Xi Jinping’s global vision comes together at security summit in China as America’s comes apart at the G7

Michael Clarke says the orderly Shanghai Cooperation Organisation meeting was a stark contrast to the dysfunctional G7, indicating that China’s vision – defined by its Belt and Road Initiative and ‘community of common destiny’ – is taking shape

Chinese President Xi Jinping chairs the 18th Meeting of the Council of Heads of Member States of the Shanghai Cooperation Organisation in Qingdao on June 10. Photo: Xinhua

As US President Donald Trump continued to upset long-standing allies at the G7 summit in Quebec, Chinese President Xi Jinping was busy consolidating the Shanghai Cooperation Organisation (SCO) at its 18th summit in Qingdao.

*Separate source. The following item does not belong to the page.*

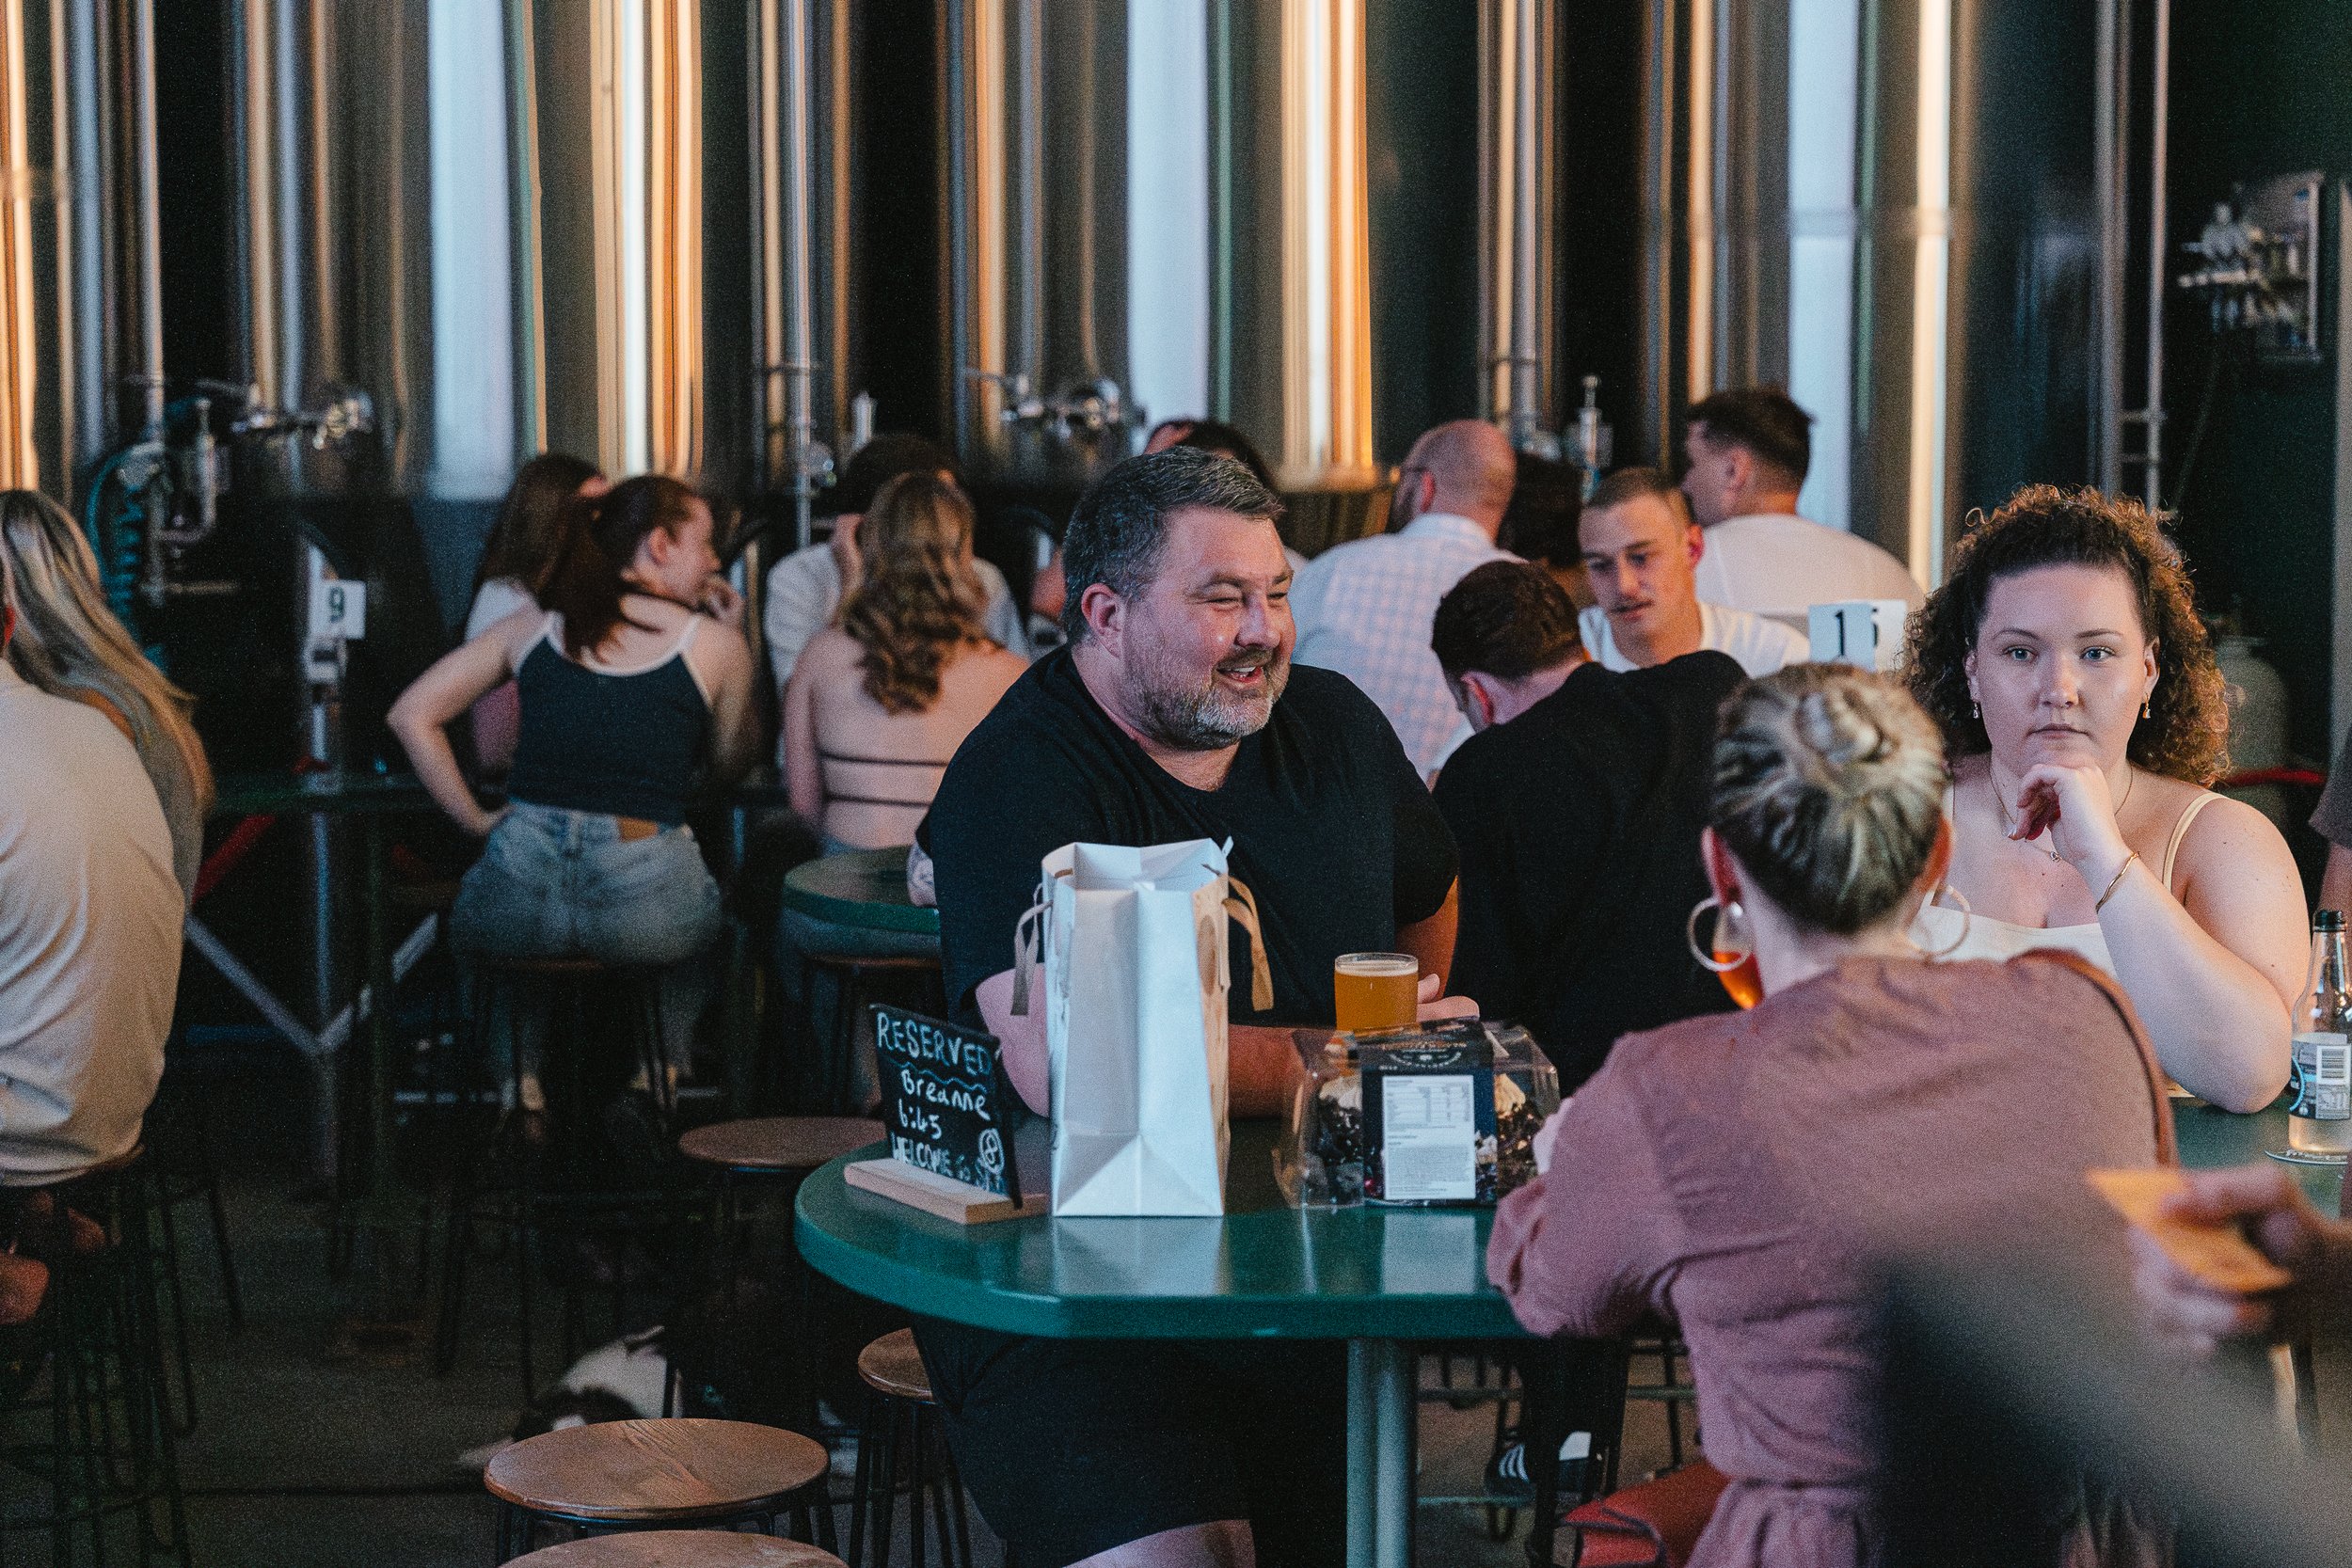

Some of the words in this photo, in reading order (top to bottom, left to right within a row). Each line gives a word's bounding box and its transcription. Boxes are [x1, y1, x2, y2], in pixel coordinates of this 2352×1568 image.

[329, 587, 345, 623] 9
[877, 1011, 992, 1076] RESERVED
[900, 1069, 991, 1121] Breanne

The SCO – since 2017 comprised of China, Russia, Kazakhstan, Tajikistan, Kyrgyzstan, Uzbekistan, Pakistan and India – has in the past been dismissed by Western observers as either an ineffectual “talk shop” or a prospective “axis of authoritarians”. Such characterisations are wrong and it is time for the West to start to take the challenge posed by the SCO and its core driver, China, seriously.

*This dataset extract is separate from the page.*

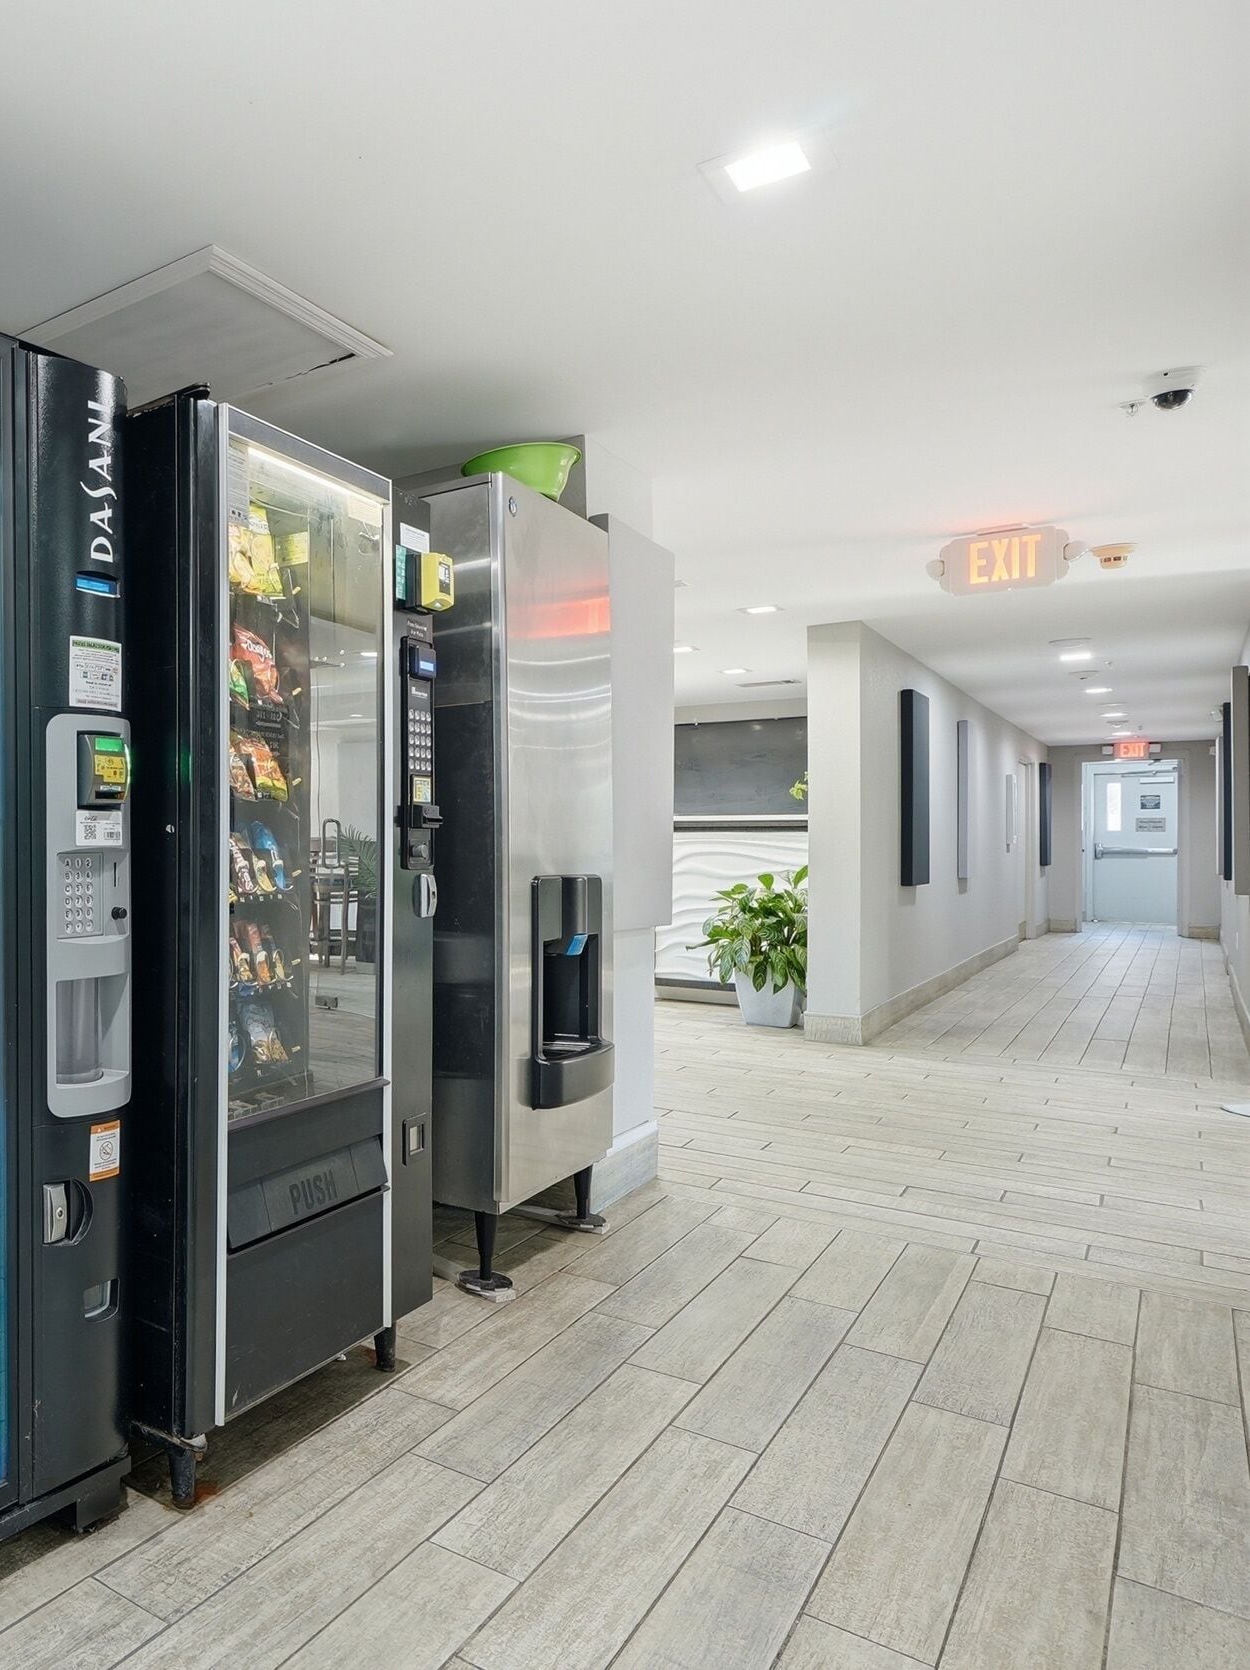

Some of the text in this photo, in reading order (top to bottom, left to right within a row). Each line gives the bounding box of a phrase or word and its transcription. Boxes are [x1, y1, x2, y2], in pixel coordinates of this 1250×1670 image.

[80, 400, 118, 563] DASANI
[969, 534, 1041, 584] EXIT
[1121, 743, 1146, 758] EXIT
[289, 1168, 338, 1216] PUSH

This task is all the more urgent as Trump’s “America first” foreign policy is translating in practice into “America alone”. According to a White House official recently quoted by Jeffery Goldberg in The Atlantic, the “Trump doctrine” is animated by the visceral assertion that “We’re America, bitch” and that “The president believes that we’re America, and people can take it or leave it.”

The defining image of the G7 summit – a visibly disinterested Trump listening to German Chancellor Angela Merkel while Japanese Prime Minister Shinzo Abe and French President Emmanuel Macron look on – provided ample illustration of this. The rhetoric also matched the optics, with the president tweeting that the US did not endorse the G7 leaders’ statement committing members to “reduce tariff barriers, non-tariff barriers and subsidies”.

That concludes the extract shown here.